9. Tackle City Dust through Urban Local Bodies

  • Mitigate city dust by:
    • Undertaking reforestation and afforestation drive along roadsides and medians.
    • Covering landfills with vegetation.
    • Planting vertical gardens using pollution absorbing plant varieties on the pillars of over-bridges/flyovers.
    • Identifying such over-bridges/flyovers where plantation drive in spaces below can be taken up.
    • Constructing footpaths and pavements alongside road by ULBs, PWD and NHAI.
    • Relocating brick kilns further away from cities.
    • Eliminating manual sweeping of roads and the side areas of roads.
    • Prioritizing identification of sites with silt and garbage on the side of the drains and its removal. Silt removed can be used in road embankments.
    • Undertake mechanical dust removal: Mechanical dust removal, by, for example, deploying dust absorbing and water spraying vehicles on roads, or mechanized road sweeping machines.

10. Integrate Efforts to Tackle Forest Fires

  • Undertake measures to prevent forest fires: A comprehensive National Policy for Prevention and Control of Forest fires being prepared by MoEFCC should be finalized urgently. Implementation and utilisation of this system should be made mandatory by all state forest departments.
  • Ensure mitigation of forest fires: Provision of fire breaks and fire lines that act as barriers in propagation of forest fire should be made mandatory.

11. Encourage Clean Cooking Practices

  • Encourage the use of cleaner fuels such as LPG, biogas, solar energy and electricity.Pradhan Mantri Ujjwala Yojana( PMUY ) is a significant step in this case.
  • Promotion and distribution of fuel efficient chulhas.
  • Ensure well ventilated homes: This approach can be integrated with Pradhan Mantri Awas Yojana (PMAY), for building designs that define cooking and living area to maintain healthy air quality inside the house.
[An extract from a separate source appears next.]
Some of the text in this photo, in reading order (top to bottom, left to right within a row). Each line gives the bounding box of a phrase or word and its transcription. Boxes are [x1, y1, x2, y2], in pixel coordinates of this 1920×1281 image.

12. Drive Public Ownership through Behavioural Change

  • Agricultural Pollution: Through existing Krishi Vigyan Kendras (KVKs), specially designed campaigns must be set up to provide farmers with appropriate information tools such as in-situ mulching and on-farm management techniques.
  • Indoor Pollution: A culture of clean cooking among households by informing the public about the impact on health needs to be promoted.
  • Forest Fires: The mechanism of Joint Forest Management Committees established at village level should be leveraged to sensitize traditional forest dwellers on causes and hazards of forest fires.
  • City Dust: Construction companies for curbing generation of construction waste should be sensitized.
  • Waste management: Awareness campaigns to accompany positive and negative policy incentivization for people to segregate household waste at source and encourage composting of wet waste and recycling of dry waste.
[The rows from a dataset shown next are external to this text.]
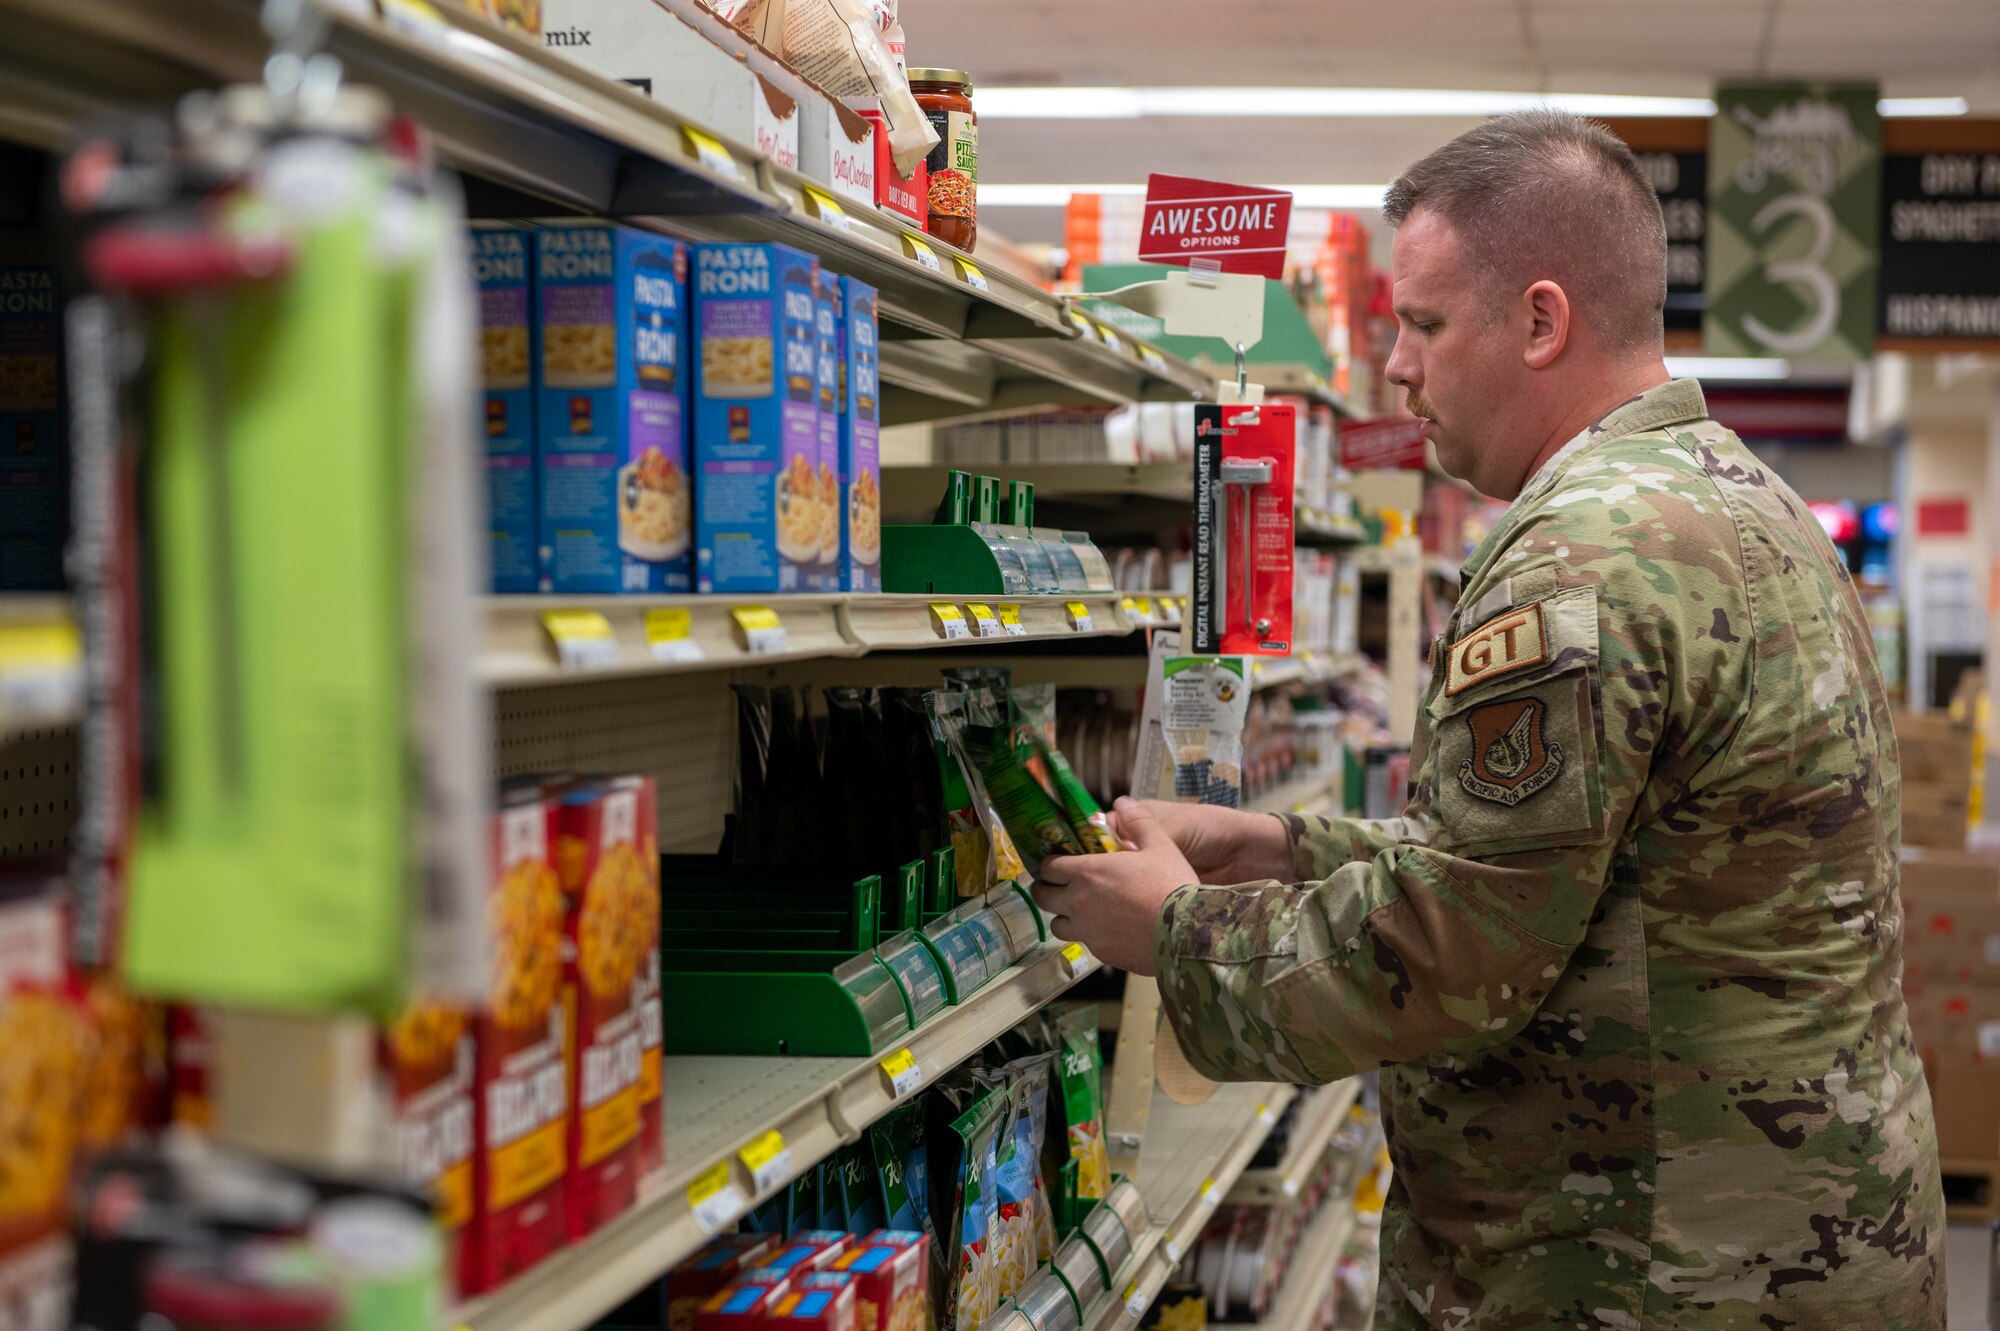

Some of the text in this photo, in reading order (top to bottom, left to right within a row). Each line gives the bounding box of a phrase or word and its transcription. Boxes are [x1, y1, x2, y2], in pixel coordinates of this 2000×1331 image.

[546, 26, 591, 46] mix
[834, 150, 872, 191] Betty Crocker
[888, 185, 918, 213] BOB'S RED MILL
[1150, 203, 1277, 236] AWESOME
[541, 230, 612, 252] PASTA
[1180, 235, 1241, 248] OPTIONS
[475, 257, 525, 281] ONI
[540, 253, 613, 278] RONI
[698, 247, 769, 269] PASTA
[0, 271, 53, 289] ASTA
[699, 269, 770, 294] RONI
[1741, 194, 1839, 352] 3
[634, 274, 676, 310] PASTA
[785, 290, 814, 321] PASTA
[635, 328, 677, 365] RONI
[1196, 443, 1211, 649] DIGITAL INSTANT READ THERMOMETER
[1460, 617, 1527, 676] GT
[1464, 761, 1557, 803] PACIFIC AIR FORCES
13. Develop Consistent and Quantified National, Sub-National and Sectoral Plans

  • A comprehensive Action Plan at the national-level should be complemented with well-designed and well-researched State-level and city-level plans, with strong implementation that dovetail into one another and add up to clearly defined outcome targets with timelines, especially for a targeted level of PM2.5 and PM10. The ambitious National Clean Air Programme has announced a reduction in pollution levels in 100 cities by 35% in the next three years and 50% in the next five years.
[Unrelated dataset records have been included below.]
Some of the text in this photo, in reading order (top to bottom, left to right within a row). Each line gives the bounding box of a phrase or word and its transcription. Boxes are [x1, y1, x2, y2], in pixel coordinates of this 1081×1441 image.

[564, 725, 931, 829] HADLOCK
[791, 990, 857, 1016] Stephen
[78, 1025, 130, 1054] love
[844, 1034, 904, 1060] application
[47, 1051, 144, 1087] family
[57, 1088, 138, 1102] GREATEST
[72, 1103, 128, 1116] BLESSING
14. Improve Air Quality Monitoring Systems

  • India has 39 on-ground real-time air pollution monitoring systems spread across 23 cities as compared to China, which has 1,500 of such systems spread in over 900 cities. To enable interventions to combat air pollution, the numbers of such systems needs to be much higher
  • Accurately and comprehensively monitor air pollution levels to provide comprehensive data for interventions aimed at improving air quality.
  • The usage of drones and UAVs can be explored for capturing air quality.
  • Develop air pollution abatement plans based on monitoring data, aided by geo-mapping of all point sources of pollution.